▶ [Problem description]:
When the data below is printed, every line must match exactly and the images must be absent.

▶ [Dataset entries]:

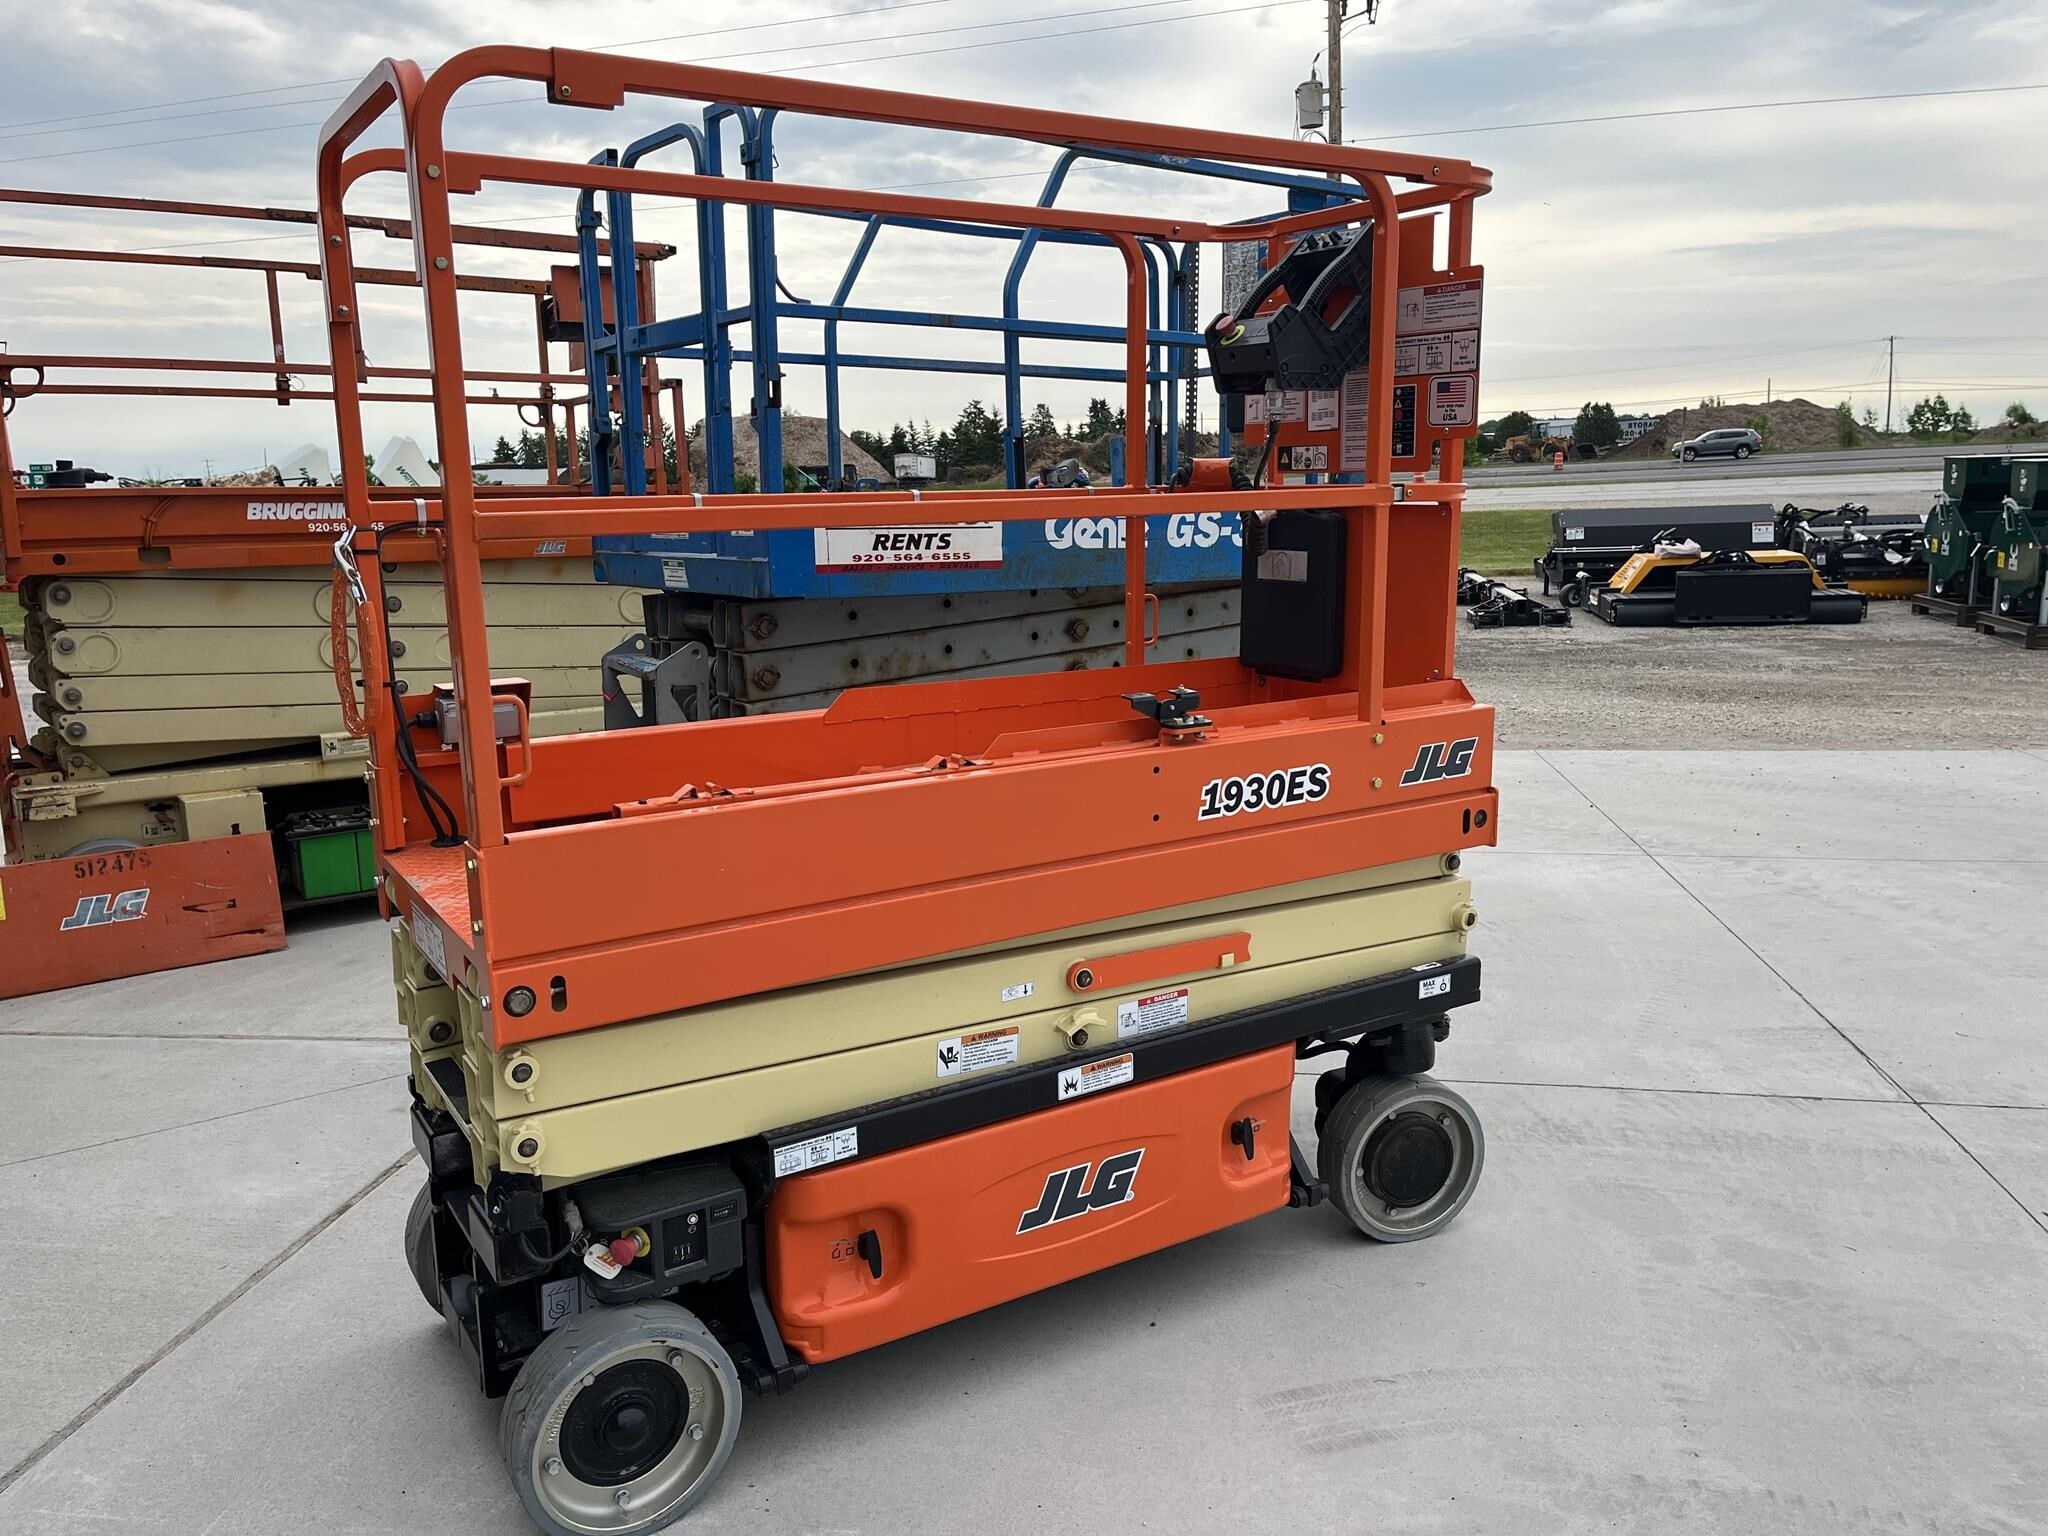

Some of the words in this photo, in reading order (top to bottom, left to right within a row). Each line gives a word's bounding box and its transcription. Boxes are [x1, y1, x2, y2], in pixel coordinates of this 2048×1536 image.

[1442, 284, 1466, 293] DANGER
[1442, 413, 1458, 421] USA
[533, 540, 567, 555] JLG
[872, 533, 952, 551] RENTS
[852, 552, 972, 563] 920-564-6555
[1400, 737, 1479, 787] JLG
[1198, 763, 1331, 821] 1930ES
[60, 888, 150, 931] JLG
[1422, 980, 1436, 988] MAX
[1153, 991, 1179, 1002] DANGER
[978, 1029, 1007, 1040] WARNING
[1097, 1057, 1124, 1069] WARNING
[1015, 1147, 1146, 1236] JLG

▶ [Reply to the task]:
Some of the words in this photo, in reading order (top to bottom, left to right within a row). Each line gives a word's bounding box and its transcription. Boxes are [x1, y1, x2, y2], in pixel coordinates of this 2048×1536 image.

[1442, 284, 1466, 293] DANGER
[1442, 413, 1458, 421] USA
[533, 540, 567, 555] JLG
[872, 533, 952, 551] RENTS
[852, 552, 972, 563] 920-564-6555
[1400, 737, 1479, 787] JLG
[1198, 763, 1331, 821] 1930ES
[60, 888, 150, 931] JLG
[1422, 980, 1436, 988] MAX
[1153, 991, 1179, 1002] DANGER
[978, 1029, 1007, 1040] WARNING
[1097, 1057, 1124, 1069] WARNING
[1015, 1147, 1146, 1236] JLG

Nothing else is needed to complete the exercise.